A word-for-word restatement of every record is required.

■ Record extracts ■
[Start of Attachment]

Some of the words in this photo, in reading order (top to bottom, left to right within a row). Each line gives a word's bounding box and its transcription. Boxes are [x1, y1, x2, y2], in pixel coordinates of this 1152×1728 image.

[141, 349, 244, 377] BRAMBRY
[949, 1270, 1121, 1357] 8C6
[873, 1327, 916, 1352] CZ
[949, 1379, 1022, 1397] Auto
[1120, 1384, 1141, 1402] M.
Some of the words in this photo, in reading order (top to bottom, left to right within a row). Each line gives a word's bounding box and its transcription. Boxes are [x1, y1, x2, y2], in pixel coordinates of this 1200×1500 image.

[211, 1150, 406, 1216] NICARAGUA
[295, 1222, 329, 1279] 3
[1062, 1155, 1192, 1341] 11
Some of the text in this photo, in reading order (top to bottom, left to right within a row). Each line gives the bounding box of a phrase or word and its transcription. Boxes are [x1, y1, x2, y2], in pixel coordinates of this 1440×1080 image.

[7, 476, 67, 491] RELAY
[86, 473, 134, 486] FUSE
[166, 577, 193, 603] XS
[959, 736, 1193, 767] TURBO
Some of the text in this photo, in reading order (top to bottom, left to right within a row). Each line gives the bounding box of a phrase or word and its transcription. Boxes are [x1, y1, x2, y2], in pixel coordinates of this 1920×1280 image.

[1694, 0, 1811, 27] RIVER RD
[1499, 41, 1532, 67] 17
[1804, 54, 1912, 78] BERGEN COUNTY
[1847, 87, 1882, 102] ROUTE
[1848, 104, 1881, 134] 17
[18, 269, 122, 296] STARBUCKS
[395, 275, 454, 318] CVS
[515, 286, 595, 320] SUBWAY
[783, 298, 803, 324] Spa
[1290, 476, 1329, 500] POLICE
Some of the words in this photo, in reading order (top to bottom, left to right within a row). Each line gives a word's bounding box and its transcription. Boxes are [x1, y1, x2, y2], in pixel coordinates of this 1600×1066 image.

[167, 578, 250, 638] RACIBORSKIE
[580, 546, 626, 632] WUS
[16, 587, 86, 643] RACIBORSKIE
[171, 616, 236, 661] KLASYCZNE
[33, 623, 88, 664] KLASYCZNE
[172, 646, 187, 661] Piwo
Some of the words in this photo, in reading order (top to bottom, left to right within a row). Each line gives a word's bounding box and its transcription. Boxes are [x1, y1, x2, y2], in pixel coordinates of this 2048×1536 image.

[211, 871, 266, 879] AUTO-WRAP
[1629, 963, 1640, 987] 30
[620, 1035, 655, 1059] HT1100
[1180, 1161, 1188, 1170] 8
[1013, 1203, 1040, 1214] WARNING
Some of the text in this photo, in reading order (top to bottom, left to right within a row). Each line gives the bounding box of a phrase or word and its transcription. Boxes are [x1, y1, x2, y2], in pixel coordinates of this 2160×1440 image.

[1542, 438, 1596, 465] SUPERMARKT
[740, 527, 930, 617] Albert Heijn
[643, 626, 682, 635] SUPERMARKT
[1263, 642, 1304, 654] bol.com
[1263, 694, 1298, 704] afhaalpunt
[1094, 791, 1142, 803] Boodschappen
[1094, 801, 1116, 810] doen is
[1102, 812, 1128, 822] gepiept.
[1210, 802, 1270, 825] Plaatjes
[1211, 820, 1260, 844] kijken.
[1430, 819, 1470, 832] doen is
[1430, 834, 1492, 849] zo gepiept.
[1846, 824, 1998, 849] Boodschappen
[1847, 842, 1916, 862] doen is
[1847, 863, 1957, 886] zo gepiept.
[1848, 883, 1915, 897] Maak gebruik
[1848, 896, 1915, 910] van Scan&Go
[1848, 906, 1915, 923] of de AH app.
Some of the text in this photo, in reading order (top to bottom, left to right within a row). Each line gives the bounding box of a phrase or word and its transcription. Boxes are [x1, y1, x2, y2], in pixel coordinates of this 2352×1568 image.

[End of Attachment]

■ Response for this exercise ■
Some of the words in this photo, in reading order (top to bottom, left to right within a row). Each line gives a word's bounding box and its transcription. Boxes are [x1, y1, x2, y2], in pixel coordinates of this 1152×1728 image.

[141, 349, 244, 377] BRAMBRY
[949, 1270, 1121, 1357] 8C6
[873, 1327, 916, 1352] CZ
[949, 1379, 1022, 1397] Auto
[1120, 1384, 1141, 1402] M.
Some of the words in this photo, in reading order (top to bottom, left to right within a row). Each line gives a word's bounding box and its transcription. Boxes are [x1, y1, x2, y2], in pixel coordinates of this 1200×1500 image.

[211, 1150, 406, 1216] NICARAGUA
[295, 1222, 329, 1279] 3
[1062, 1155, 1192, 1341] 11
Some of the text in this photo, in reading order (top to bottom, left to right within a row). Each line gives the bounding box of a phrase or word and its transcription. Boxes are [x1, y1, x2, y2], in pixel coordinates of this 1440×1080 image.

[7, 476, 67, 491] RELAY
[86, 473, 134, 486] FUSE
[166, 577, 193, 603] XS
[959, 736, 1193, 767] TURBO
Some of the text in this photo, in reading order (top to bottom, left to right within a row). Each line gives the bounding box of a phrase or word and its transcription. Boxes are [x1, y1, x2, y2], in pixel coordinates of this 1920×1280 image.

[1694, 0, 1811, 27] RIVER RD
[1499, 41, 1532, 67] 17
[1804, 54, 1912, 78] BERGEN COUNTY
[1847, 87, 1882, 102] ROUTE
[1848, 104, 1881, 134] 17
[18, 269, 122, 296] STARBUCKS
[395, 275, 454, 318] CVS
[515, 286, 595, 320] SUBWAY
[783, 298, 803, 324] Spa
[1290, 476, 1329, 500] POLICE
Some of the words in this photo, in reading order (top to bottom, left to right within a row). Each line gives a word's bounding box and its transcription. Boxes are [x1, y1, x2, y2], in pixel coordinates of this 1600×1066 image.

[167, 578, 250, 638] RACIBORSKIE
[580, 546, 626, 632] WUS
[16, 587, 86, 643] RACIBORSKIE
[171, 616, 236, 661] KLASYCZNE
[33, 623, 88, 664] KLASYCZNE
[172, 646, 187, 661] Piwo
Some of the words in this photo, in reading order (top to bottom, left to right within a row). Each line gives a word's bounding box and its transcription. Boxes are [x1, y1, x2, y2], in pixel coordinates of this 2048×1536 image.

[211, 871, 266, 879] AUTO-WRAP
[1629, 963, 1640, 987] 30
[620, 1035, 655, 1059] HT1100
[1180, 1161, 1188, 1170] 8
[1013, 1203, 1040, 1214] WARNING
Some of the text in this photo, in reading order (top to bottom, left to right within a row). Each line gives the bounding box of a phrase or word and its transcription. Boxes are [x1, y1, x2, y2], in pixel coordinates of this 2160×1440 image.

[1542, 438, 1596, 465] SUPERMARKT
[740, 527, 930, 617] Albert Heijn
[643, 626, 682, 635] SUPERMARKT
[1263, 642, 1304, 654] bol.com
[1263, 694, 1298, 704] afhaalpunt
[1094, 791, 1142, 803] Boodschappen
[1094, 801, 1116, 810] doen is
[1102, 812, 1128, 822] gepiept.
[1210, 802, 1270, 825] Plaatjes
[1211, 820, 1260, 844] kijken.
[1430, 819, 1470, 832] doen is
[1430, 834, 1492, 849] zo gepiept.
[1846, 824, 1998, 849] Boodschappen
[1847, 842, 1916, 862] doen is
[1847, 863, 1957, 886] zo gepiept.
[1848, 883, 1915, 897] Maak gebruik
[1848, 896, 1915, 910] van Scan&Go
[1848, 906, 1915, 923] of de AH app.
Some of the text in this photo, in reading order (top to bottom, left to right within a row). Each line gives the bounding box of a phrase or word and its transcription. Boxes are [x1, y1, x2, y2], in pixel coordinates of this 2352×1568 image.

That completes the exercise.